Je suis né dans l’antre et si quelqu’un me demandait, je lui répondrais que rien ne peut se dire en dehors du susurrement.
Je suis né dans l’antre, à l’écart du bavardage des hommes, leur babil incessant qu’ils ne savent plus taire et dont ils ne se rendent plus compte, dans l’antre, et ce bruit m’est assourdissant. Geler à pierre fendre agitation brouhaha tours banques cac et ces singes décident du monde.
C’est contre la mort, la leur, qu’ils s’obstinent dans ce leurre, remplir les espaces du monde un à un, et dans les airs, les moindres interstices, ondes ombres recoins vibrations, partout leurs lumières, leurs flots de paroles sur quel réel : dis-moi, comme si, comme si cela allait faire oublier l’inconstance de toute chose et leur renouvellement, mais sans eux, et après eux.
Acquérir, acquérir et repousser au plus loin là où l’homme n’est plus, n’est plus rien qu’une rumeur lointaine qui agite ses bras désespérément et ses jambes à la recherche d’un point d’eau qu’il aurait suffi de creuser. Creuser. Les puits, les ventres, la lumière, laisse rentrer. On avait quoi à perdre à faire autrement.

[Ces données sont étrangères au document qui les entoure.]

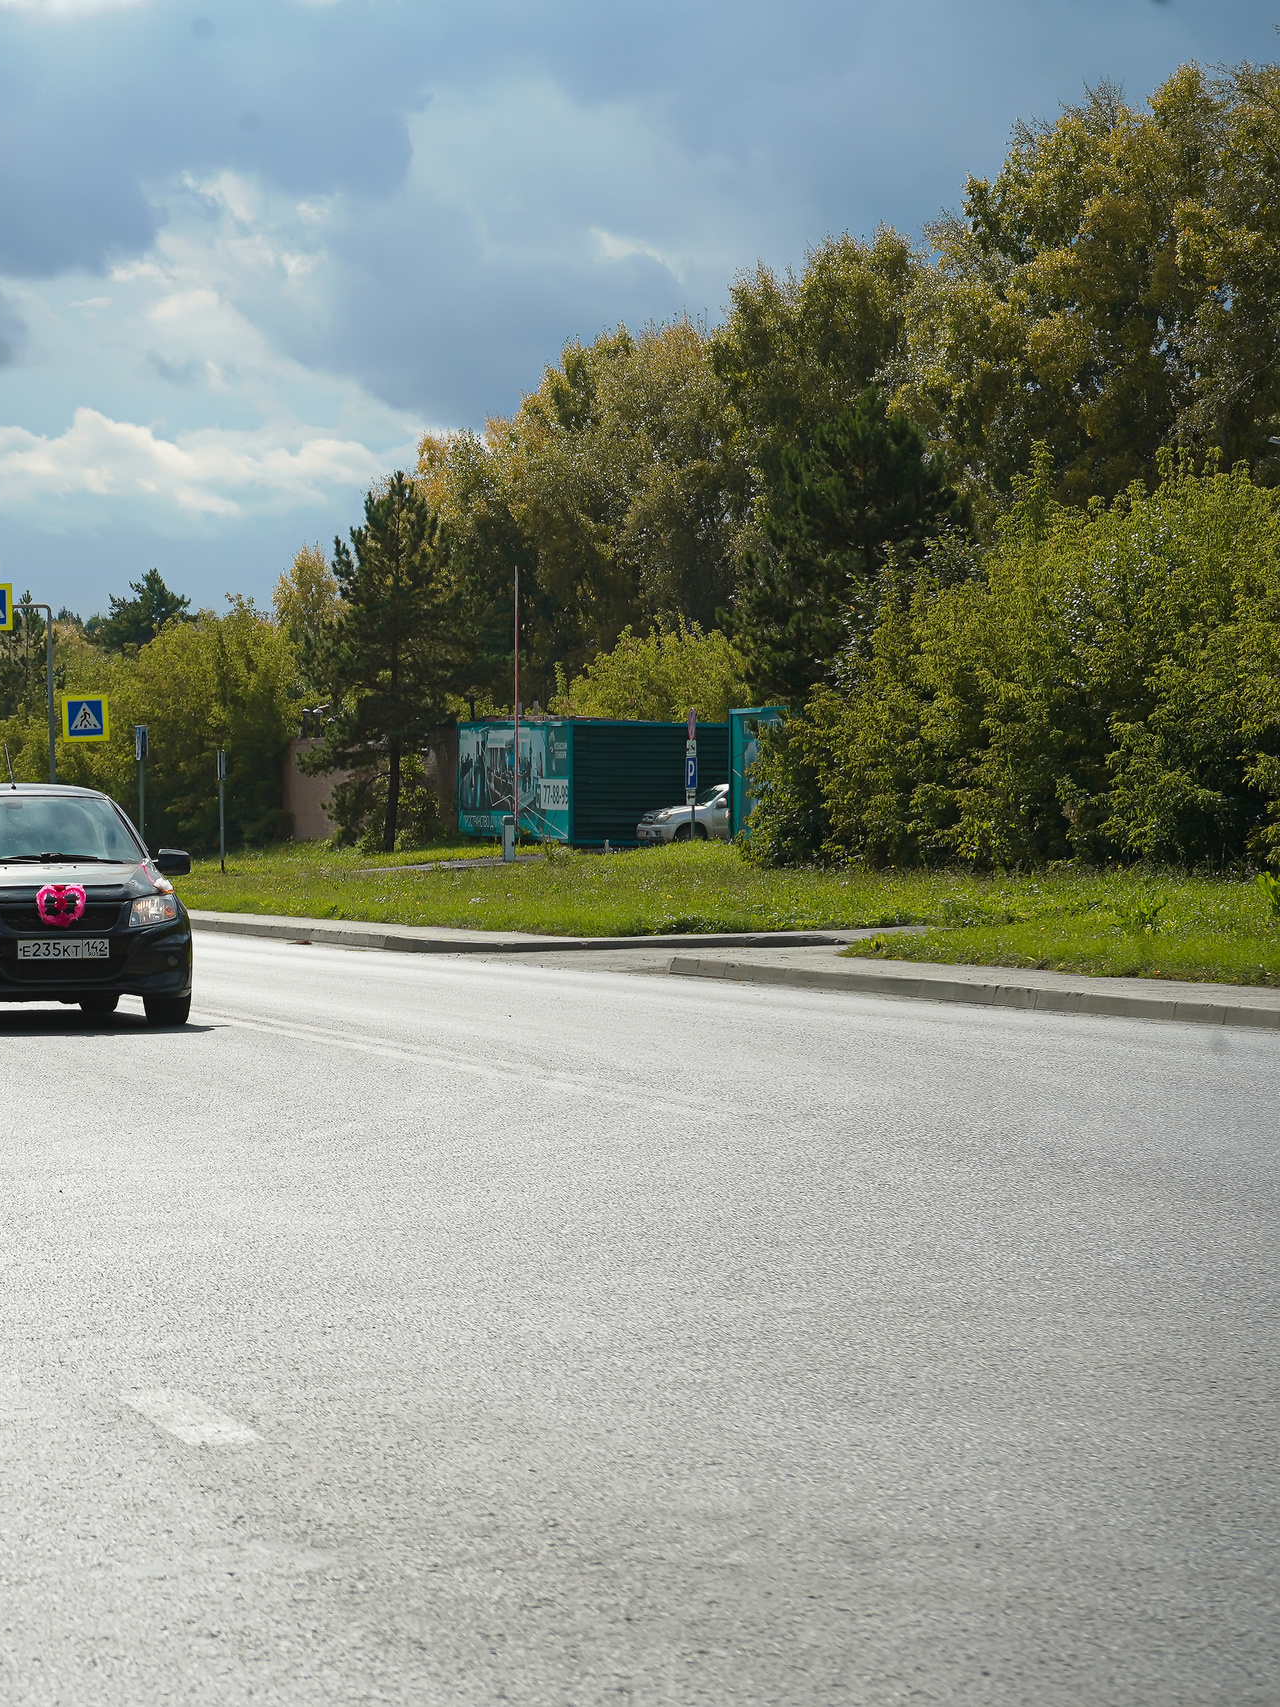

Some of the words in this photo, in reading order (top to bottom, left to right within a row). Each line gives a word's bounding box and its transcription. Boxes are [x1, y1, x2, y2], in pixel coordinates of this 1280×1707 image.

[687, 760, 695, 786] P
[22, 942, 81, 957] Е235КТ
[84, 940, 106, 952] 142

Magnésium fortifiants Célestène, passent les amphétamines bêta-bloquants pharmacopée. J’attends la nuit alors pour que la rumeur se taise un peu, toujours trop peu, des voitures qui passent, le cri d’un passant à la sortie d’un bar, un téléviseur qui hurle encore quand les lumières se sont éteintes. J’attends la nuit et je n’allume pas je guette, je guette le crépuscule d’été qui s’étire sans fin dans le ciel et qui tire du bleu clair vers le orange, le jaune, le vert et s’enfonce dans le bleu noir de la nuit, le rouge sang, le violet, la nuit et son presque silence — humain;
Humains, reposez-vous, reposez-vous encore, encore un peu plus jusque demain, silence, viens, viens… Et si les hommes levaient la tête à ce moment précis où le rouge s’accapare déjà le ciel et recouvre nos têtes alors peut-être n’aurions-nous plus besoin d’allumer des cierges encore en la mémoire des morts et des désastres ici et là.